Today is the day to change. Believe that you can change if you wish with your whole heart.

Siradan

Salı, Ağustos 07, 2012

Bir sey eksik ama ne bir turlu bulabiyorum. Oyle ki tat yok, heycan yok. Siradan sessiz gidis o kadar.

Durmuyorlar

Pazar, Ağustos 05, 2012

Goz yaslarim akmaya basladigi zaman durmuyorlar. Durduramiyorum. Durmaksizin akiyorlar.

Hikaye biriktirelim

"Hadi biraz hikaye biriktirelim. Bunca yili bosa gecirdik. Ne hikaye ne de heycan yasadik. Bundan sonrasi farkli olsun cilgin olsun. Elimi tut ve gidelim." dedi adam ama kiz hic cesaret edemedi.


Fragile

Cuma, Temmuz 27, 2012

"fragile"

İngilizcede en sevdiğim kelimedir. Kırılganlık. Kendimi hep kırılgan olarak gördüğüm için olabilir. Seni en iyi tanımlayan kelime ne diye saçma bir soru sorsalar, kuşkusuz "fragile" cevabını veririm. Çünkü ben kırılganım, kırılıyorum. Çok kırılıyorum insanlara içimde. Sayıp sövüyorum beni üzdükleri için. Benim hiç bir zaman kimseyi isteyerek üzmek gibi düşüncelerim olmuyor. Safım ki ben, bilmem kimseyi üzmeyi. İnsanlar beni hep isteyerek üzdü, hep tercihleri üzdü beni. Anlamaz kimse kırıldığımı, dışarıdan görmezler dağınık puzzle gibi içimin parça yığınına döndüğünü. Hoş, insanlara gelene kadar kırgın olduğum çok şey var aslında. Kırılmaya kırgınım ben. Kendime kırgınım, hele zamana ne kadar kırgın olduğumu sormayın gitsin.

1'ler vs. 3'ler

Perşembe, Temmuz 26, 2012

1'lerle 3'lerin savaşıydı o günki. 2'lere yer yoktu. 1'ler hep önde 3'ler ise hep takipteydi. 3'e 1 öndeydi 1'ler ve hep 3'e 1 güçteydiler. Kovalardi 3'ler ama yetişemezlerdi. Anca 2'lere takılır kalırlardı. 1'ler büyümeye devam etti. 3'ler ise öylece baktı. 

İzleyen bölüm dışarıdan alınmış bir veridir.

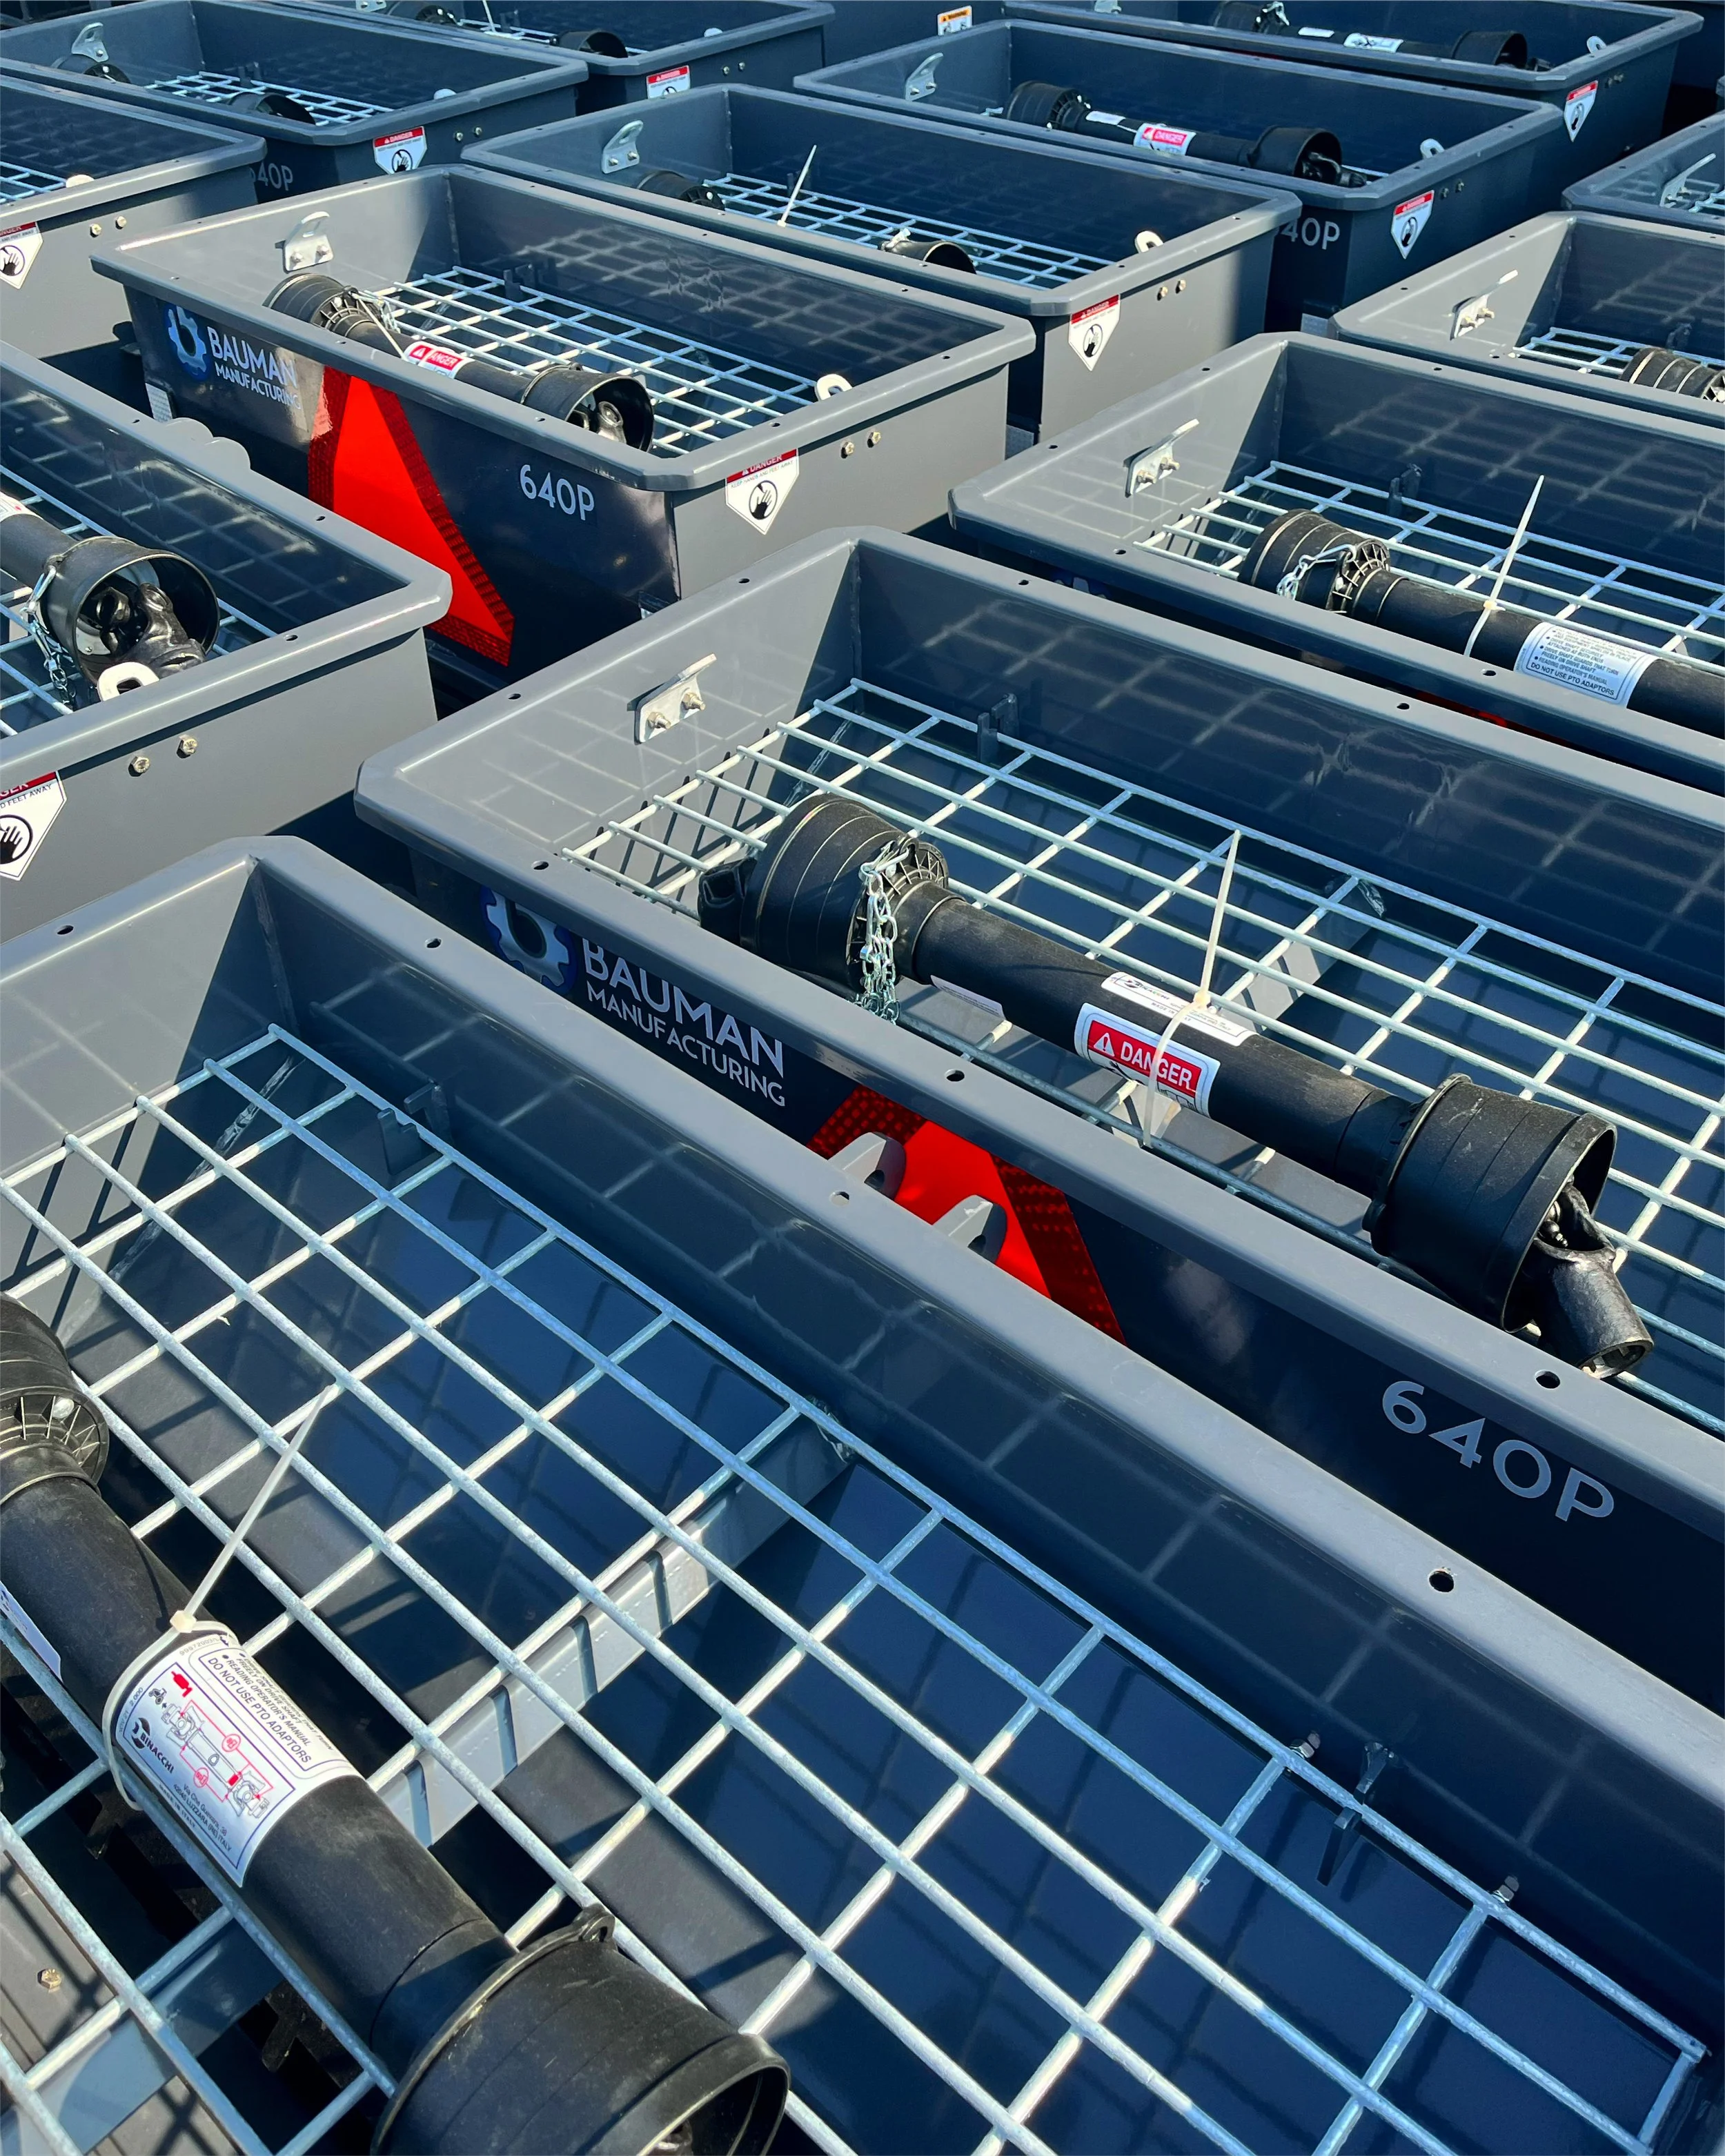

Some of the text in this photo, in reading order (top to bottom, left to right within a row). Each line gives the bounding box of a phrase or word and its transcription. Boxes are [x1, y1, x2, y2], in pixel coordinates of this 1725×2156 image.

[1277, 217, 1341, 250] 40P
[207, 326, 298, 389] BAUMAN
[215, 362, 302, 410] MANUFACTURING
[520, 464, 595, 522] 640P
[1530, 661, 1615, 695] DO NOT USE PTO ADAPTORS
[8, 793, 27, 807] FEET
[29, 783, 52, 798] AWAY
[582, 938, 784, 1078] BAUMAN
[586, 980, 785, 1107] MANUFACTURING
[1120, 1041, 1193, 1090] DANGER
[1382, 1381, 1615, 1522] 640P
[208, 1657, 312, 1763] DO NOT USE PTO ADAPTORS
[226, 1659, 312, 1746] READING OPERATOR'S MANUAL
[236, 1658, 304, 1724] FREELY ON DRIVE SHAFT
[140, 1732, 175, 1774] BINACCHI
[181, 1808, 196, 1828] ITALY
[186, 1799, 208, 1827] LUZZARA
[217, 1836, 233, 1852] ITALY

Hayatta böyle. 2lere pek yer yok. Ya 1 olacaksın, ya da ilk 3'e girmeye uğraşıp 3. olacaksın. 1'ler ve 3'ler... aslında hepsi çok gereksizler. 

Niteliksiz / Nitelikli

Cuma, Temmuz 20, 2012

· Niteliksiz insanlar ne ölçüde niteliksiz olduklarını fark edemezler.
· Niteliksiz insanlar, niteliklerini abartma eğilimindedir.
· Niteliksiz insanlar, gerçekten nitelikli insanların niteliklerini görüp anlamaktan da acizdirler.
· Eğer nitelikleri, belirli bir eğitimle artırılırsa, aynı niteliksiz insanlar, niteliksizliklerinin farkına varmaya başlarlar.

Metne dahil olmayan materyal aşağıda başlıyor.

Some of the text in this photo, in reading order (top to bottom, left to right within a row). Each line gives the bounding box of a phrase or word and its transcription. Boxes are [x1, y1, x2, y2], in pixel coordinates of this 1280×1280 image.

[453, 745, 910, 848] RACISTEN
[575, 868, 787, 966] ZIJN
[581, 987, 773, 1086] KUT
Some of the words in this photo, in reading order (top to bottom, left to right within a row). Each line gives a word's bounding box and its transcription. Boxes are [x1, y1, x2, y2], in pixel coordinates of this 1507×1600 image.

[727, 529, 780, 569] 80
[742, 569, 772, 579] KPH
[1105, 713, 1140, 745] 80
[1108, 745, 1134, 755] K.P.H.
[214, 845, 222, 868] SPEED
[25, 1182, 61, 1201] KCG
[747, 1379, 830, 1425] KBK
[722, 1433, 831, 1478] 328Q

“Dünyanın sorunu, akıllılar hep kuşku içindeyken aptalların küstahça kendilerinden emin olmalarıdır.” Bertrand Russel

Neyse

Perşembe, Temmuz 19, 2012

Hayat midir bizi zorlayan, yoksa bizler miyiz onu sorgulayan? Savaşımız bu hayatta kendimizle mi yoksa hayatin ta kendisiyle mi? Sorular sorular... Sordukça bitmiyorlar. Biten çok şey var ama sorular hiç bitmiyor. Sormak lazım, kafayı çalıştırmak lazim. Akilli olmak lazim. Lazim da lazim. Bunları da zaten anca yazabiliyoruz yapamıyoruz da neyse.

Gidebilirim

Cuma, Temmuz 13, 2012

Evet geride kimseyi bırakmayacak olduğumu bilmenin gönül rahatlığı ile şimdi çekip gidebilirim.

Güle Güle

Hayatımdan bir bir gidiyorsunuz ya a dostlar, hepinize güle güle. Ben bıraktım artık sizi. Döndüğünüzde eski beni çok arayacaksınız.

Giden Gider

İnsanın en çaresizleştiği an sevdiği insan elinden kayıp giderken ona derdini anlatamadığı ve yanında kalmasını sağlayamadığı andır. Eller titrer; gözlerin gözyaşlarıyla savaşır; boğaza fil oturur; ciğerler fonksiyonlarını unutur ki nefes almayalım diye; kalp çalışmayı bırakır; mide iflas eder; giden gider arkasında enkaz bırakarak. Enkazdır çünkü bu yaşayan bir bünye değildir artık. Vaktini doldurmuş canlı canlı mezara gömülebilecek bir bedendir artık o. Giden gider, kalan ise enkazla uğraşır. Acılar, ağrılarla savaşır. Giden gidiyor arkadaş, elini uzatsan da yakalayamıyorsun. Ne söylesen nafile, ne istesen boş. 

Dilemek

Pazartesi, Temmuz 09, 2012

Her sabah uyandığında onu dilemek, onun geri gelebilme ihtimali olmasını dilemek.

Böyle Devam

Pazar, Temmuz 08, 2012

Hiç beklemediğin bir anda, boş boş facebook feed'ine bakarken hiç görmeyi ummadığın bir yüzün belirmesini takip eden ani kalp spazmı, ardından çarpıntı ve dolan gözler...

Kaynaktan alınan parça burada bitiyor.